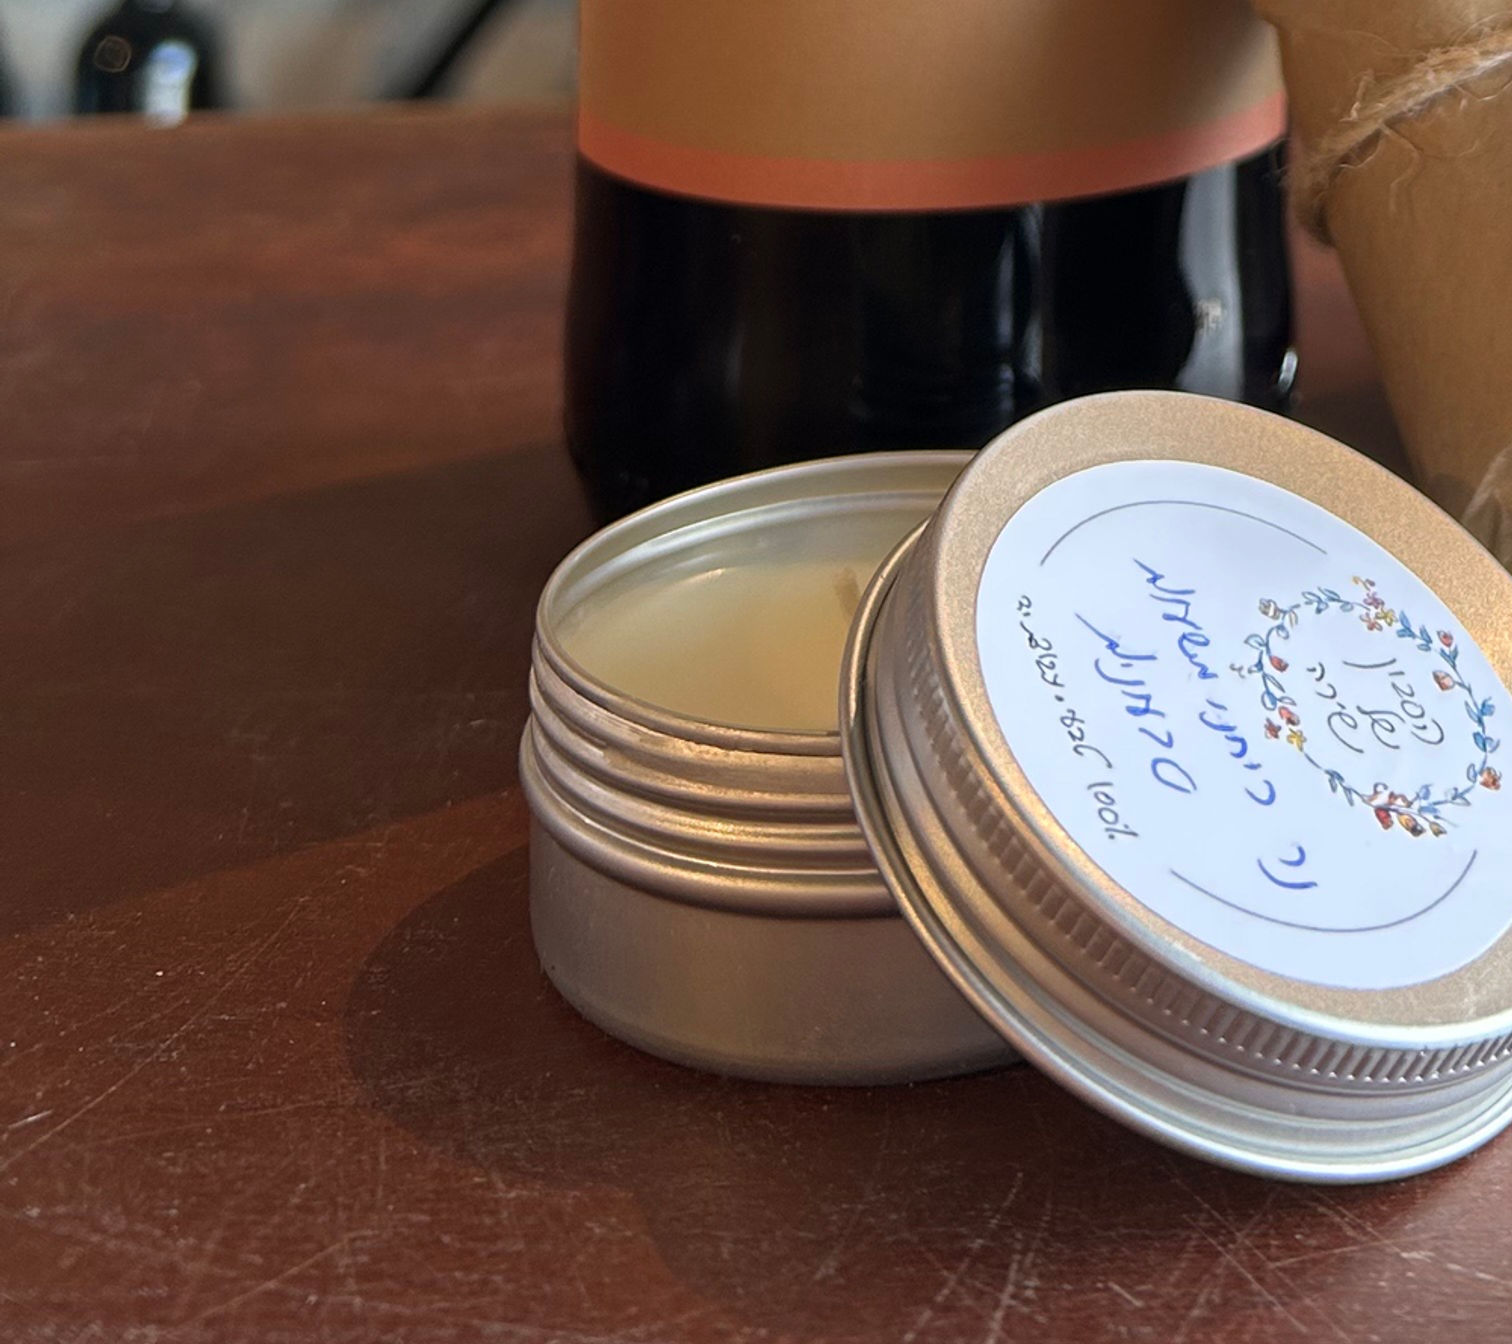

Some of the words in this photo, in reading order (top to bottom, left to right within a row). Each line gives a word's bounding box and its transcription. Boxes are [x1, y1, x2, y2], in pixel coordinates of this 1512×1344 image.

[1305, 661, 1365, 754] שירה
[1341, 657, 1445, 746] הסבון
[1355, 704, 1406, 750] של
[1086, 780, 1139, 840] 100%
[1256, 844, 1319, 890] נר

===

Output the lines above in full and exactly. Leave out every picture.

Some of the words in this photo, in reading order (top to bottom, left to right within a row). Each line gives a word's bounding box and its transcription. Boxes are [x1, y1, x2, y2], in pixel coordinates of this 1512×1344 image.

[1305, 661, 1365, 754] שירה
[1341, 657, 1445, 746] הסבון
[1355, 704, 1406, 750] של
[1086, 780, 1139, 840] 100%
[1256, 844, 1319, 890] נר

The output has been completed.